- Work item:
Please return the whole listing word for word.

___ Provided material ___

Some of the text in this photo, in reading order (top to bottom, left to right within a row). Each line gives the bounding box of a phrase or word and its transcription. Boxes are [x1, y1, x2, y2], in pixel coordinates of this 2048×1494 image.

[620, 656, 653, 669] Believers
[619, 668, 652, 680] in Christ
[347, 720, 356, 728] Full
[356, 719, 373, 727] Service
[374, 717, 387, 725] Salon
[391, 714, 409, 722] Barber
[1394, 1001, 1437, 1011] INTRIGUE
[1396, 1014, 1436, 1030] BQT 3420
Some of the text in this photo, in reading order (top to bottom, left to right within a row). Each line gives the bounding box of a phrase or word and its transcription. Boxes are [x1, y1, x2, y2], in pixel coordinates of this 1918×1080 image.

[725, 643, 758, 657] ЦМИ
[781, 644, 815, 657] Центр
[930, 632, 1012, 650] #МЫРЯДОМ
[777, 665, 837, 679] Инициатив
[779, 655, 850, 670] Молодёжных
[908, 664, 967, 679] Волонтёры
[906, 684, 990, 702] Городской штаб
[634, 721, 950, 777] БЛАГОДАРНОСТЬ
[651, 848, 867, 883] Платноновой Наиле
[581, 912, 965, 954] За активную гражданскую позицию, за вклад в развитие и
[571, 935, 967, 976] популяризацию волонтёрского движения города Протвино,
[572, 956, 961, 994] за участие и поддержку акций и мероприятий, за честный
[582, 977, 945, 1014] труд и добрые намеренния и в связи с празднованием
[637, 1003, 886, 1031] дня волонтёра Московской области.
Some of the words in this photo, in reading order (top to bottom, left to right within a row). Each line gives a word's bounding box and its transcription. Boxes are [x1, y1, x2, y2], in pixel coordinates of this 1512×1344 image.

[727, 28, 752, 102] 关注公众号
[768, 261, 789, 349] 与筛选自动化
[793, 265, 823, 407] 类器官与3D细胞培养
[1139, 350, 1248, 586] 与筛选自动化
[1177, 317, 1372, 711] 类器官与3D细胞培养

___

- Task result:
Some of the text in this photo, in reading order (top to bottom, left to right within a row). Each line gives the bounding box of a phrase or word and its transcription. Boxes are [x1, y1, x2, y2], in pixel coordinates of this 2048×1494 image.

[620, 656, 653, 669] Believers
[619, 668, 652, 680] in Christ
[347, 720, 356, 728] Full
[356, 719, 373, 727] Service
[374, 717, 387, 725] Salon
[391, 714, 409, 722] Barber
[1394, 1001, 1437, 1011] INTRIGUE
[1396, 1014, 1436, 1030] BQT 3420
Some of the text in this photo, in reading order (top to bottom, left to right within a row). Each line gives the bounding box of a phrase or word and its transcription. Boxes are [x1, y1, x2, y2], in pixel coordinates of this 1918×1080 image.

[725, 643, 758, 657] ЦМИ
[781, 644, 815, 657] Центр
[930, 632, 1012, 650] #МЫРЯДОМ
[777, 665, 837, 679] Инициатив
[779, 655, 850, 670] Молодёжных
[908, 664, 967, 679] Волонтёры
[906, 684, 990, 702] Городской штаб
[634, 721, 950, 777] БЛАГОДАРНОСТЬ
[651, 848, 867, 883] Платноновой Наиле
[581, 912, 965, 954] За активную гражданскую позицию, за вклад в развитие и
[571, 935, 967, 976] популяризацию волонтёрского движения города Протвино,
[572, 956, 961, 994] за участие и поддержку акций и мероприятий, за честный
[582, 977, 945, 1014] труд и добрые намеренния и в связи с празднованием
[637, 1003, 886, 1031] дня волонтёра Московской области.
Some of the words in this photo, in reading order (top to bottom, left to right within a row). Each line gives a word's bounding box and its transcription. Boxes are [x1, y1, x2, y2], in pixel coordinates of this 1512×1344 image.

[727, 28, 752, 102] 关注公众号
[768, 261, 789, 349] 与筛选自动化
[793, 265, 823, 407] 类器官与3D细胞培养
[1139, 350, 1248, 586] 与筛选自动化
[1177, 317, 1372, 711] 类器官与3D细胞培养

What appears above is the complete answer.